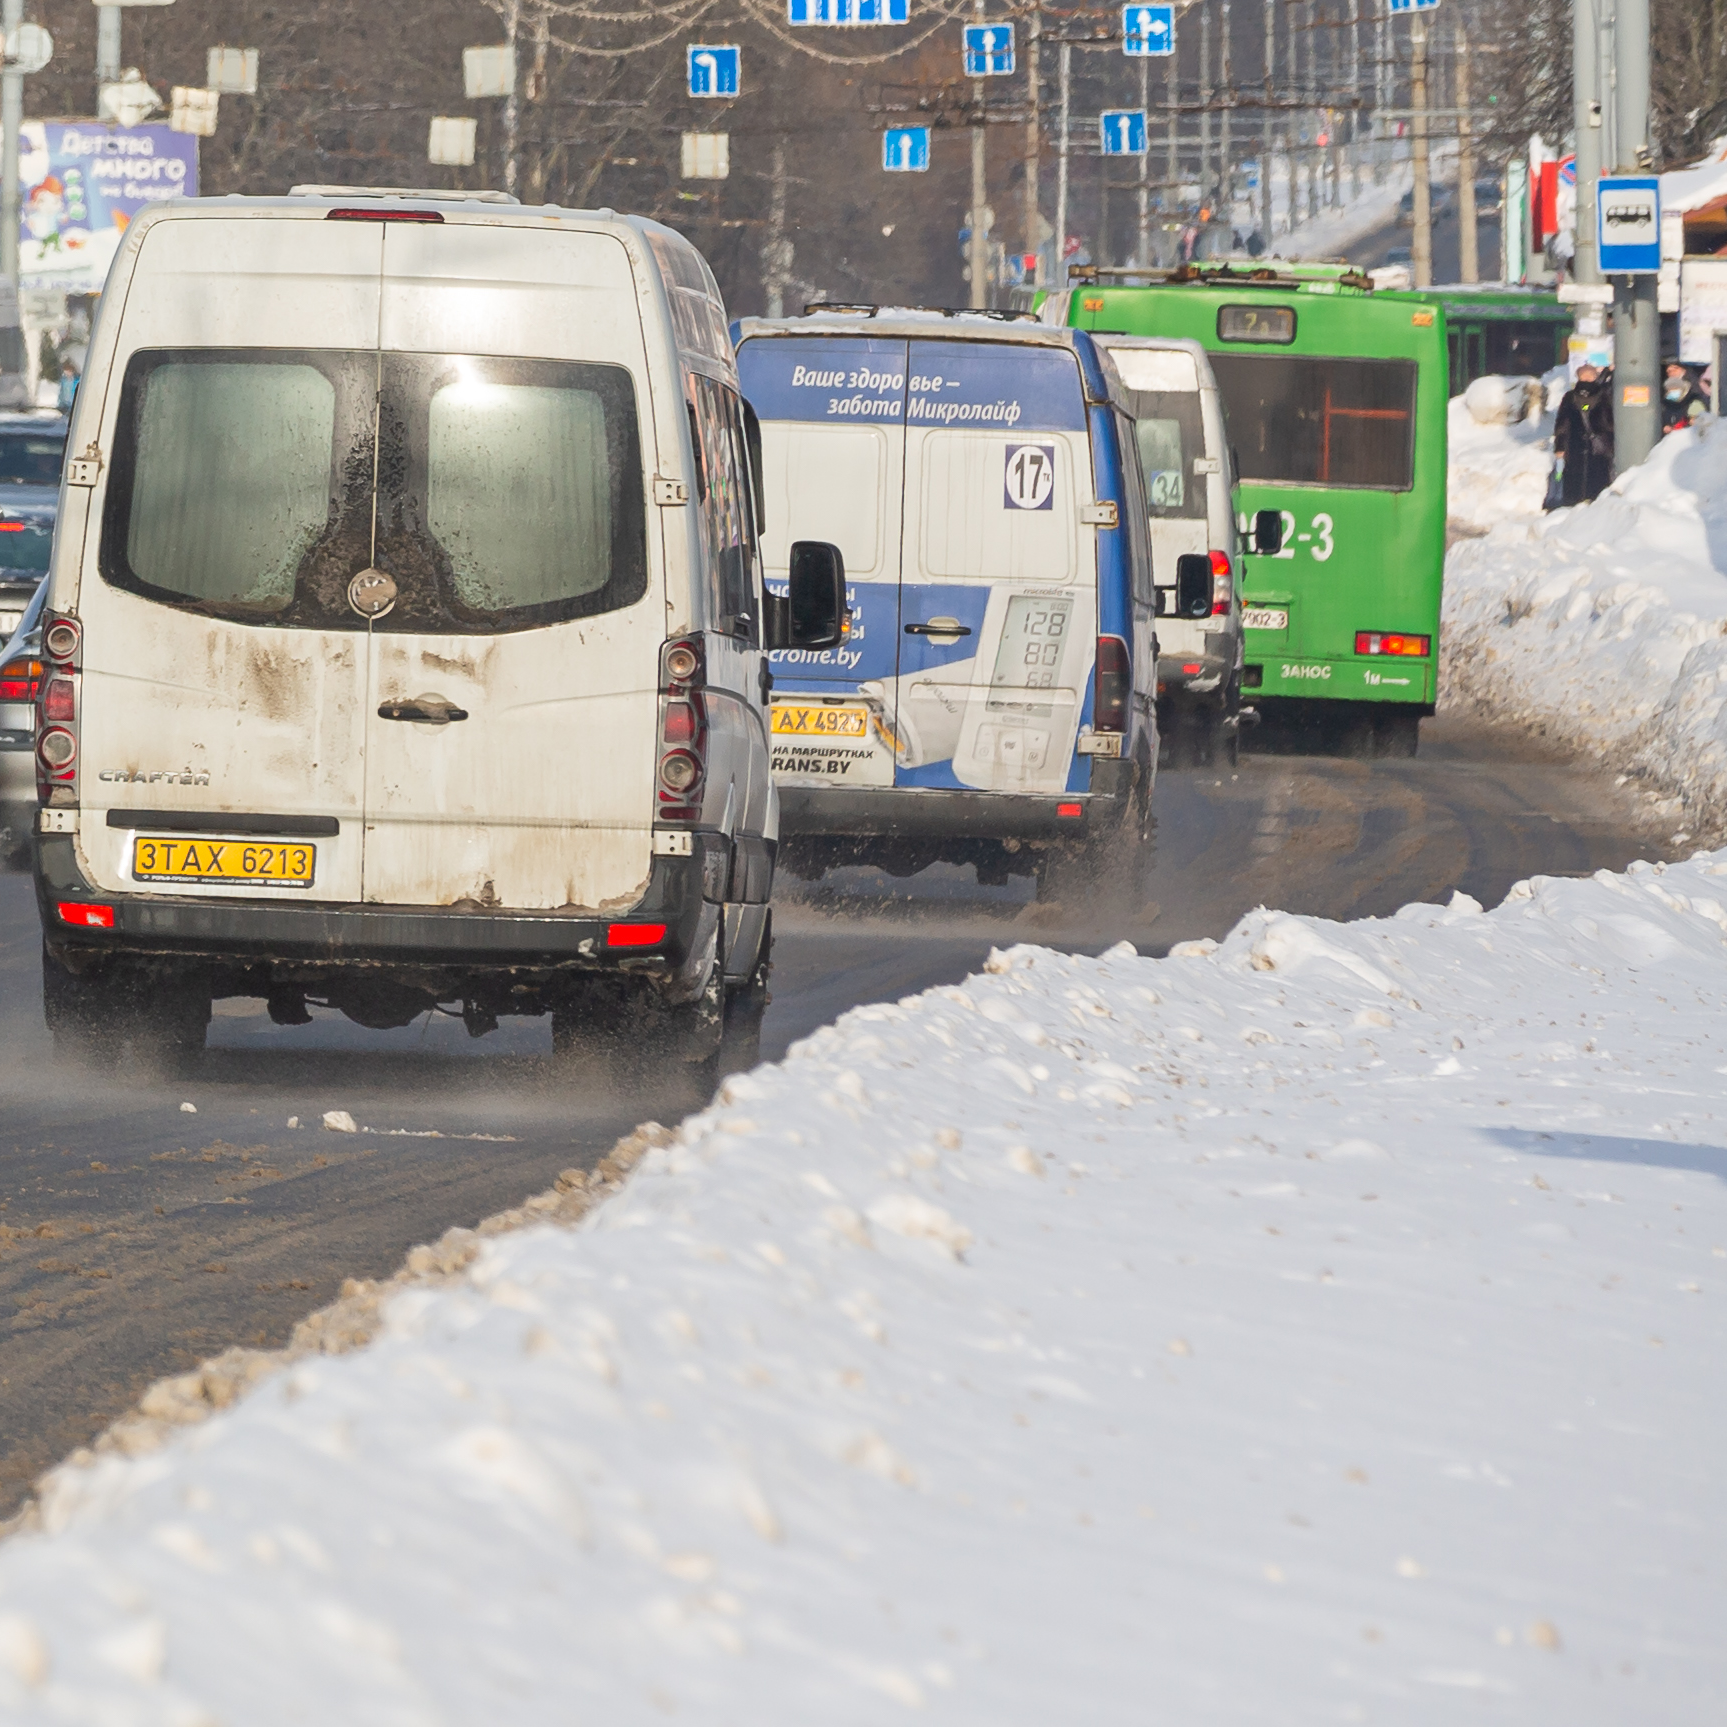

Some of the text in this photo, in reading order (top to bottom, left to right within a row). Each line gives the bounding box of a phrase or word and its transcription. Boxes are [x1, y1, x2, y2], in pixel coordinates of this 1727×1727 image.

[792, 365, 844, 388] Ваше
[827, 394, 1021, 426] забота Микролайф
[1014, 453, 1043, 500] 17
[1156, 475, 1182, 506] 34
[1024, 612, 1066, 637] 128
[1024, 642, 1060, 666] 80
[1281, 664, 1331, 679] ЗАНОС
[791, 747, 874, 759] МАРШРУТКАХ
[98, 768, 210, 786] CRAFTER
[141, 843, 307, 876] 3TAX 6213

++++++++++

**WHAT YOU SHOULD DO**.
Please retype the material above exactly, and omit its images.

**RESPONSE AREA**.
Some of the text in this photo, in reading order (top to bottom, left to right within a row). Each line gives the bounding box of a phrase or word and its transcription. Boxes are [x1, y1, x2, y2], in pixel coordinates of this 1727×1727 image.

[792, 365, 844, 388] Ваше
[827, 394, 1021, 426] забота Микролайф
[1014, 453, 1043, 500] 17
[1156, 475, 1182, 506] 34
[1024, 612, 1066, 637] 128
[1024, 642, 1060, 666] 80
[1281, 664, 1331, 679] ЗАНОС
[791, 747, 874, 759] МАРШРУТКАХ
[98, 768, 210, 786] CRAFTER
[141, 843, 307, 876] 3TAX 6213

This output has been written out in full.